Sancho, con el puño apoyado en el mentón pide que vuelvan a explicarle el caso hasta diez veces. Luego habló:
-Creo que la parte de él que mintió debe ser ahorcada, y la parte de él que dijo verdad debe ser liberada.
-Pero es imposible- contesta el mensajero- de esa forma moriría y no se aplicaría el mandamiento.
-Entonces pienso que estando en igualdad los motivos para castigar a un hombre como para liberarlo, que triunfe la libertad, y dejemos ir a ese hombre dónde quiera.
En la Historia de Hataf el generoso, en la noche 694 de la versión de Cansinos Assens, (que según Borges es la mejor traducción de todas las que se han hecho a cualquier lengua, lo que nos llevaría a pensar que un español sería quien mejor ha comprendido este texto) nos encontramos con el visir Chafar, quien teniendo iguales motivos para condenar o absolver a un reo, exclama: «Dudoso es el caso. Y en la duda debe abstenerse la mano. ¡Ye el scheij, vete en la paz de Alá y que El te perdone en su bondad!
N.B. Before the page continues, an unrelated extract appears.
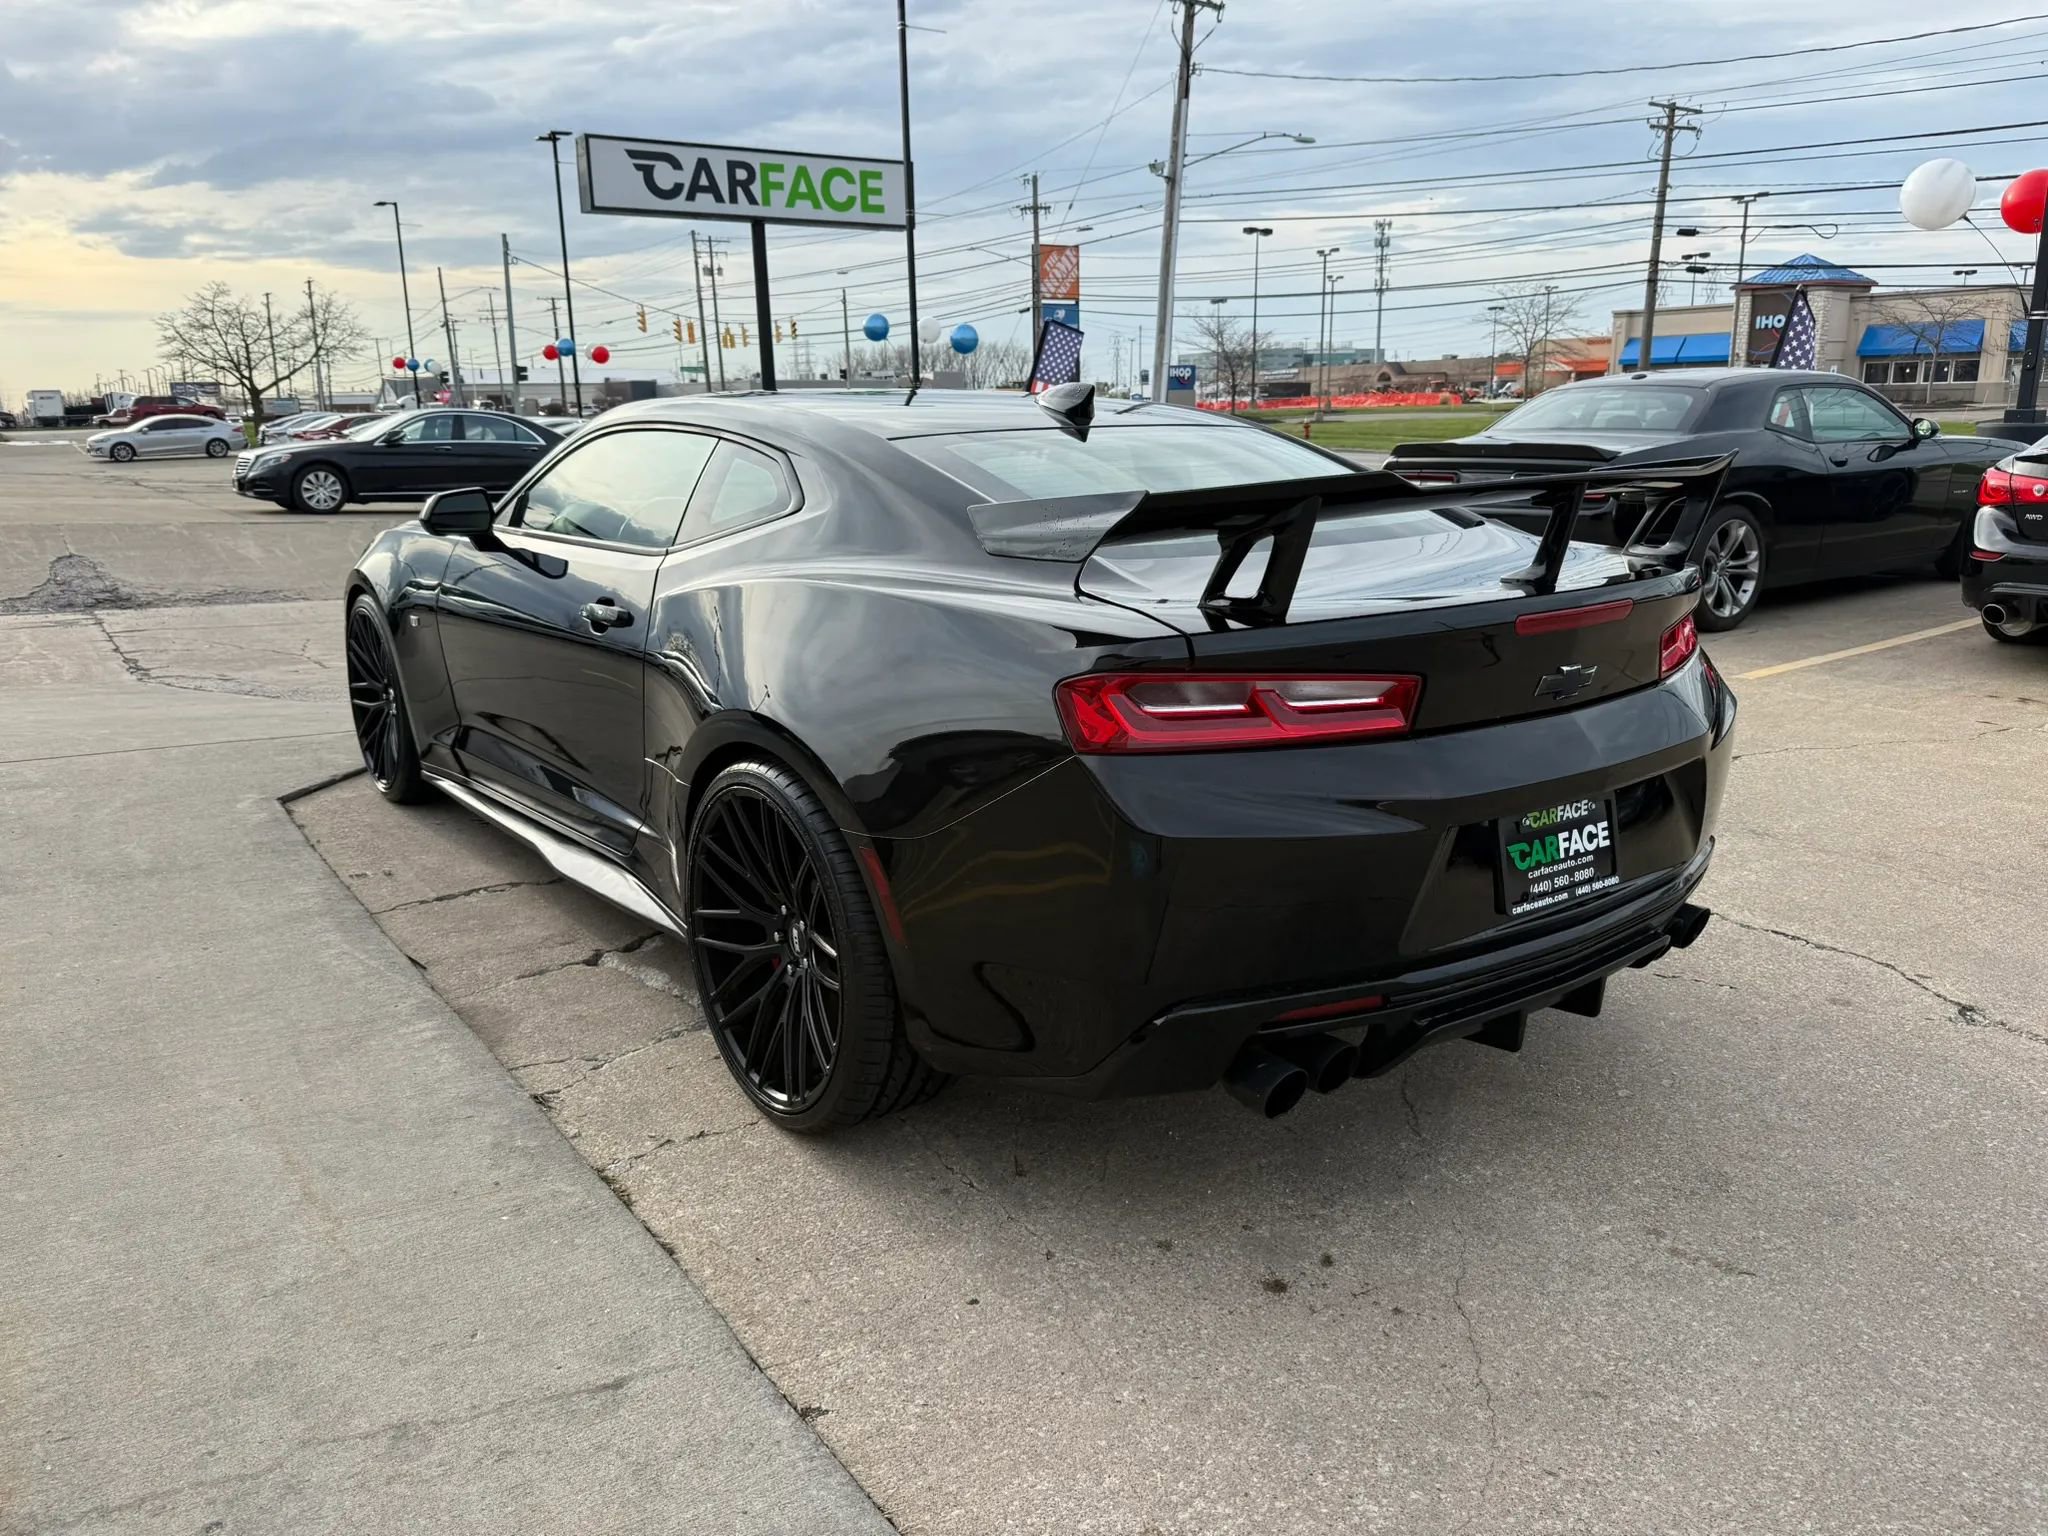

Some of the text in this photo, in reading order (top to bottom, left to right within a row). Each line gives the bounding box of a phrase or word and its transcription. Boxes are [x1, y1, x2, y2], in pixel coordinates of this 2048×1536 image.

Y Chafar despidió al scheij y lo dejó ir en libertad».
Sabemos que por tres veces conoció Cervantes la prisión, una entre musulmanes y dos entre cristianos, y pensamos que allí tuvo tiempo y motivos de sobra no sólo para pensar en la justicia que administrara Sancho, sino, como él mismo relatara, para iniciar su obra.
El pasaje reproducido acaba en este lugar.